Given the way the US public freaked when Japan occupied a few lumps of rock off the coast of Alaska, it’s fair to say Hawaii being annexed would probably have sent the county nuts. In the end, though, Yamamoto’s superiors disagreed. Pearl Harbor was bombed, but Hawaii itself spared.

6. Pancho Villa’s Successful “Mexican Invasion”

There are very few people who aren’t dead, 19th century Brits who can say they successfully invaded the US and burned an entire town. Pancho Villa is one of those people. A Mexican Revolutionary leader, he started life as America’s golden boy in the huge unrest happening south of the border. But then the government of Woodrow Wilson switched support to his rival, Venustiano Carranza, and threw Villa under the bus. Villa responded by unleashing hell on any American who crossed his path.

First, he managed to kidnap 18 Americans inside Mexico and had them all slaughtered. But his crowning achievement came on March 9, 1916. Followed by a band of 1,500 guerillas, Villa crossed the border onto US soil. His troops surrounded the small town of Columbus, New Mexico. A few hours later, the citizens were dead, and Columbus itself was in flames.

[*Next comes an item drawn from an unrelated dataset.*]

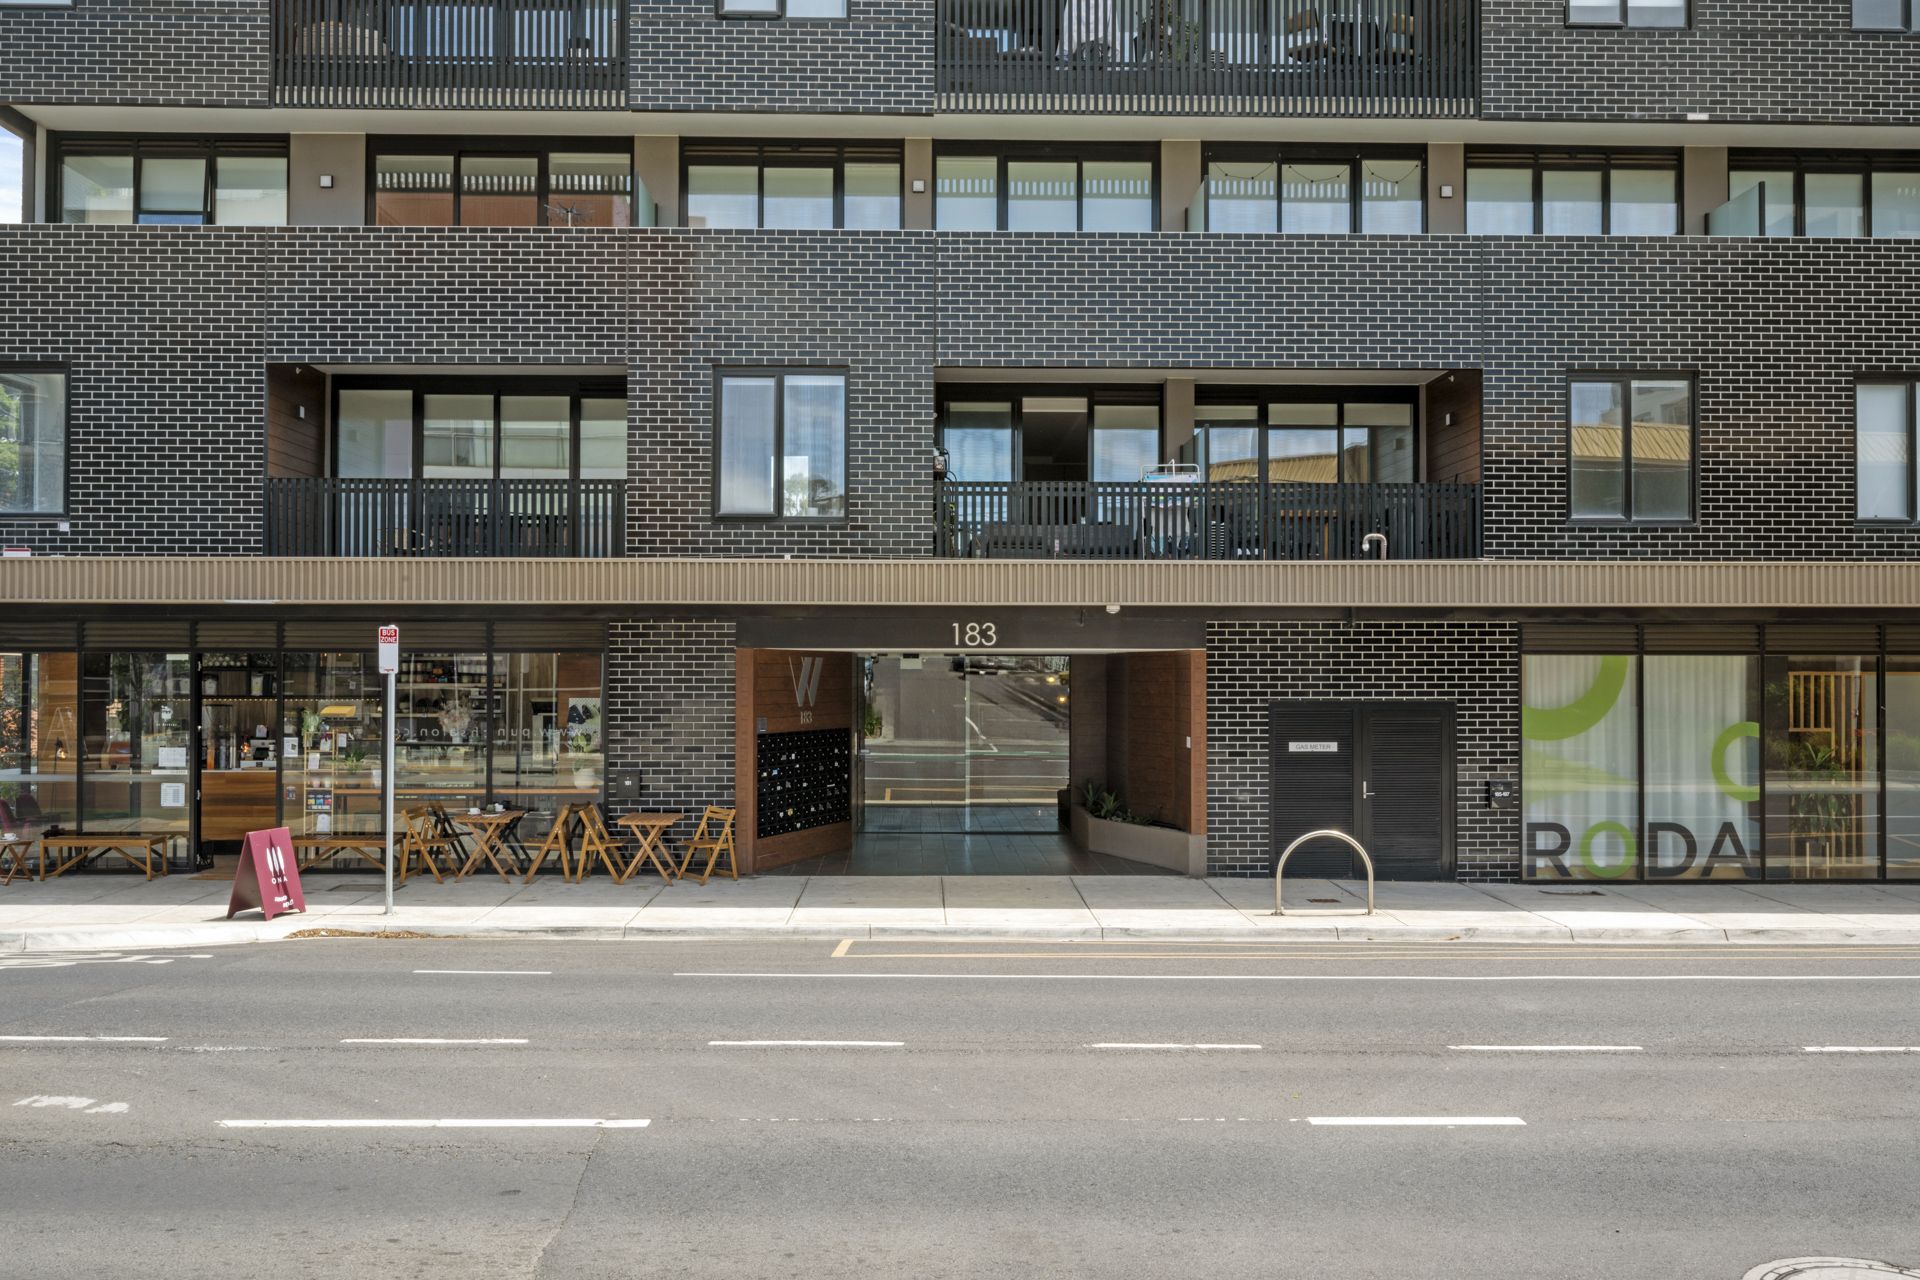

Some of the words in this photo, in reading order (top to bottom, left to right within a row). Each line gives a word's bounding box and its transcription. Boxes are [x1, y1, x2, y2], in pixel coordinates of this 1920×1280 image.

It marked the last time in US history that a town on American soil was laid siege to and destroyed by foreign attackers. The US responded by invading Mexico, supported by Carranza’s government. Although the carnage they caused was enough to dissuade Villa from ever attacking America again, they were unable to capture the rebel leader. Villa wouldn’t be assassinated until 1923.

5. Japan Partially-Occupies Alaska

Although Pancho Villa’s ‘invasion’ of New Mexico would be more dramatic, it was the Japanese occupation of Attu and Kiska that really scared the public. That’s because both are part of the island chain that makes up the far-western fringe of Alaska. And while Alaska wasn’t yet a state in 1942, it was an American territory. In the same way that we’d freak out about a hostile force occupying Puerto Rico today, Americans of the time went loopy at Attu and Kiska’s annexation.

After Pearl Harbor, it was probably the biggest psychological blow of the entire war. The public fretted the Japanese army would proceed along the Aleutian chain until they conquered Alaska proper. Only a few months before, the Battle of Los Angeles had seen antiaircraft guns pepper the LA sky when someone thought they saw a Japanese plane, and now the Imperial army was making a real move on America.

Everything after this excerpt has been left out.